Die neue Erste-Hilfe-Karte bietet einen kurzen Überblick über die wichtigsten ersten Schritte.
Die neue Erste-Hilfe-Karte für schnelle Information bei einem Unfall passt in jedem Auto hinter die Sonnenblende und kann im Ernstfall sogar Leben retten – Verkehrsministerin Doris Bures, Autofahrerklubs, Ärzte und Einsatzorganisationen und Automobilorganisationen wie z.B. ARBÖ haben Anfang Oktober 2011 die neue “Erste- Hilfe- Karte” präsentiert, die ab sofort 2,5 Millionen Mal in Österreich verteilt wird.
Initiative des Verkehrsministeriums, unterstützt vom Roten Kreuz, dem Arbeiter-Samariter-Bund Österreichs, ARBÖ und ÖAMTC.
Wie geht die stabile Seitenlage? Wie die Wiederbelebung? Wie sichert man eine Unfallstelle ab? Viele Autofahrer haben ihr Erste- Hilfe- Wissen von Kursen aus dem Jahre Schnee.
Auch der letzte ÖAMTC- Test zeigte: 85 Prozent der Lenker fahren bei einer Unfallstelle vorbei, ohne zu helfen. Weil sie Angst haben, etwas falsch zu machen.
Zu diesem Zweck verteilen wir die Karten in ganz Österreich
Daher wird die Initiative wird vom Arbeiter-Samariter-Bund Österreichs, dem Roten Kreuz, ÖAMTC und ARBÖ unterstützt. Die Erste-Hilfe-Karten werden den Zeitschriften der Autofahrerclubs beigelegt, liegen in deren Stützpunkten auf und sind unter 0800 21 53 59 und auf www.gut-reagiert.at kostenlos erhältlich.

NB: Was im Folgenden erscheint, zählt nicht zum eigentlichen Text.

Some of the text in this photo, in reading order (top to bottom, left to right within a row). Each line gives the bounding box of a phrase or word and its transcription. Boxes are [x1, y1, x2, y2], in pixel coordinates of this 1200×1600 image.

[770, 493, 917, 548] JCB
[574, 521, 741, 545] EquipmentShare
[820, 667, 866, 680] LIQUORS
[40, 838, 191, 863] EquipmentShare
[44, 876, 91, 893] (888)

Am schlimmsten ist es, nichts zu tun
Nur wer nichts tut, macht einen Fehler. Für jene, die unsicher sind und ihre Erste-Hilfe-Kenntnisse auffrischen wollen, bietet der Samariterbund über www.dersamariter.at nicht nur eine Vielzahl an individuell angepassten Erste-Hilfe-Kursen, sondern auch eine kostenlose Applikation für iPhone, iPod touch und alle java-fähigen Handys an, die Ersthelfende mit Schritt-für-Schritt-Anleitungen in Bild und Text unterstützt: von der Absicherung eines Unfallortes über die stabile Seitenlage bis hin zur Wiederbelebung nach einem Herzstillstand.

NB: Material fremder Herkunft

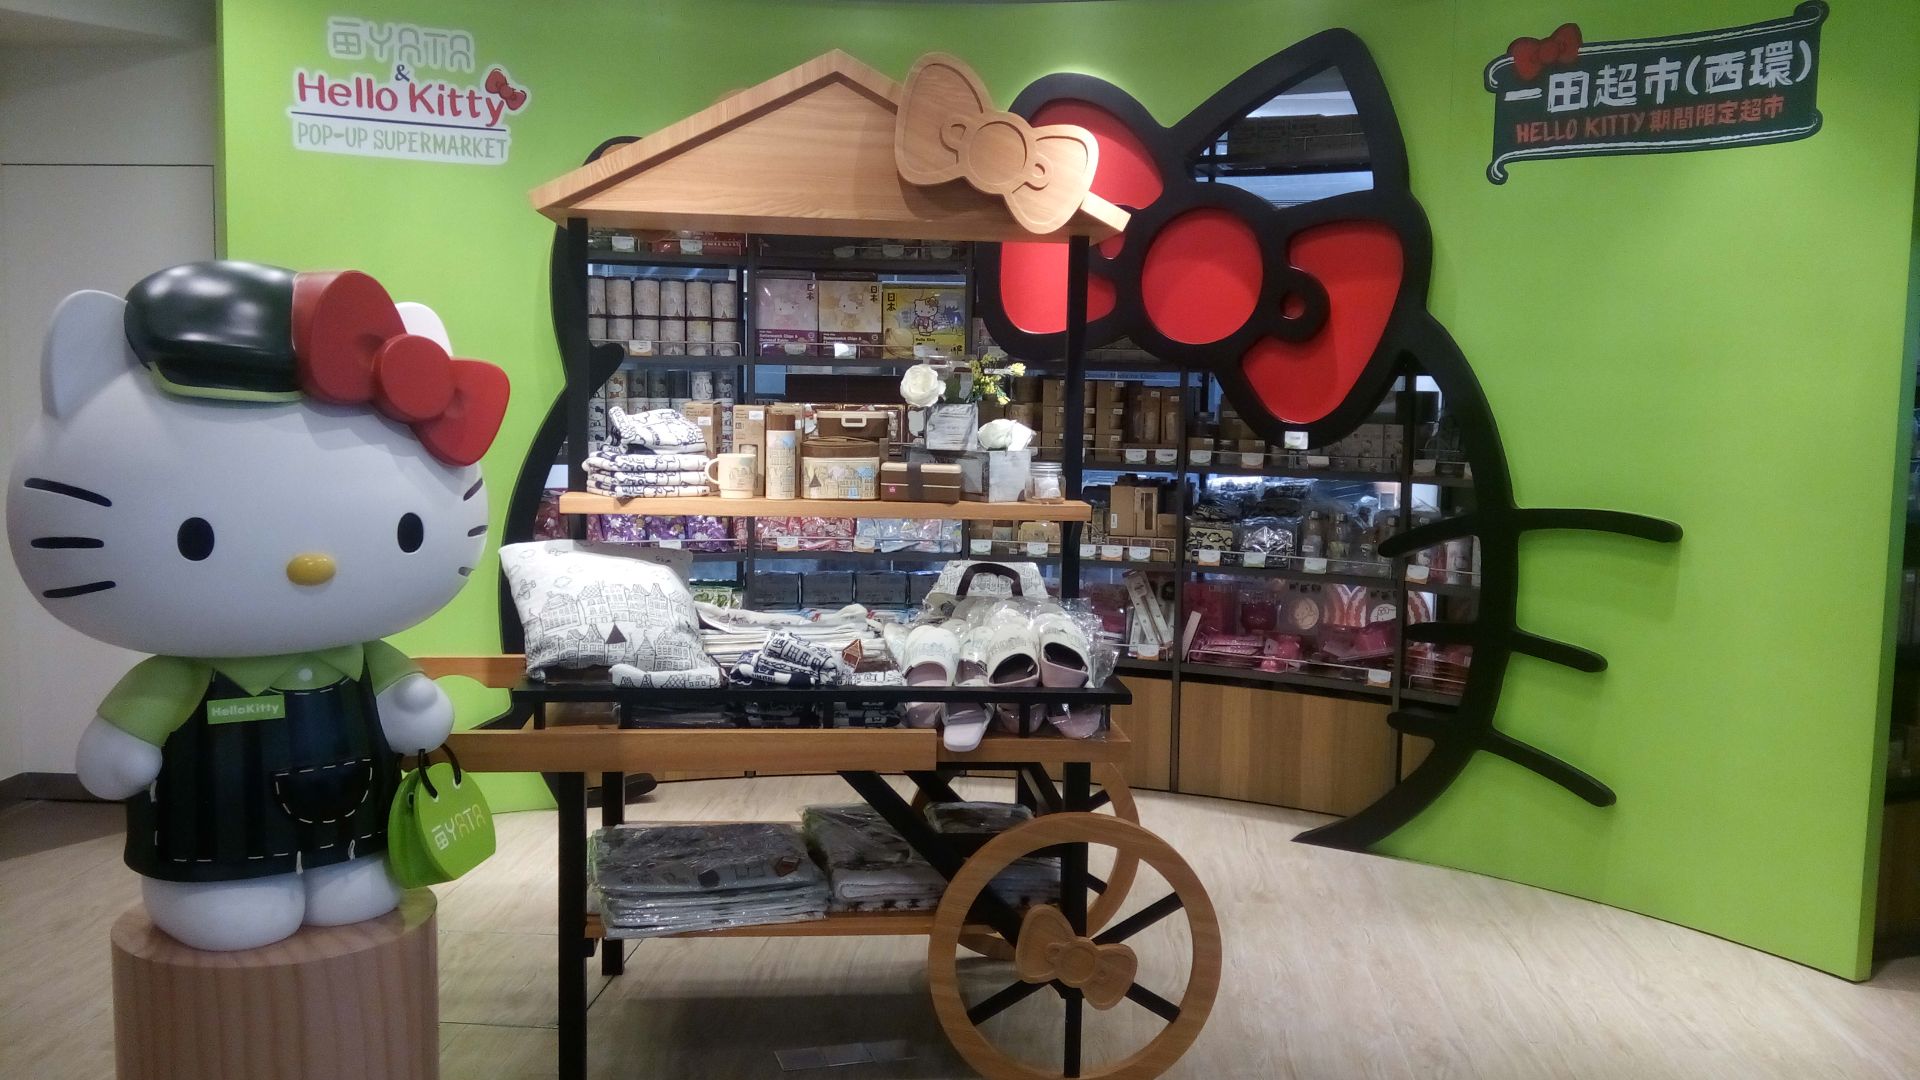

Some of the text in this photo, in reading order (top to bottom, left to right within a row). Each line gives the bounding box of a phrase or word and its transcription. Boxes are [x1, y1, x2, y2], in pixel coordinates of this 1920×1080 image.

Die Anleitungen ersetzen keinen Erste-Hilfe-Kurs!!!
Sie können aber im Notfall den Ersthelfenden wie eine Checkliste die nötige Sicherheit geben, bis die Rettungskräfte eintreffen. Idealerweise werden die Anleitungen schon vorab durchgesehen, damit man im Notfall einen kühlen Kopf bewahrt.
Der Arbeiter-Samariter-Bund Österreichs unterstützt das Projekt, indem dem BMVIT für 1.000 Personen Gutscheine zur Verfügung gestellt werden, mit welchen bei der Teilnahme an einem 16 – stündigem Erste Hilfe Kurs ein Preisnachlass von 10 % gewährt wird. Die Gutscheine sind nummeriert und können bei allen Organisationseinheiten des Samariterbundes eingelöst werden. Die Verlosung der Gutscheine an die GewinnerInnen erfolgt durch das BMVIT.
Die Kronenzeitung bewirbt dieses Projekt. Dem Arbeiter-Samariter-Bund Österreichs wurden darüber hinaus 60.000 Stück Erste Hilfe Karten zur internen bzw. externen Verteilung zur Verfügung gestellt
Rettungsstraße ab 2012
Um rasche und effiziente Hilfe bei Verkehrsunfällen zu ermöglichen, werden mit 1.1.2012 die Rettungsgassen eingeführt, durch die Einsatzfahrzeugen schneller zum Unfallort kommen. “Bis die Profis eintreffen, liegt es aber in unserer Hand, Erste Hilfe zu leisten, erklärt Peter Erdle, Obmann des Samariterbundes Favoriten.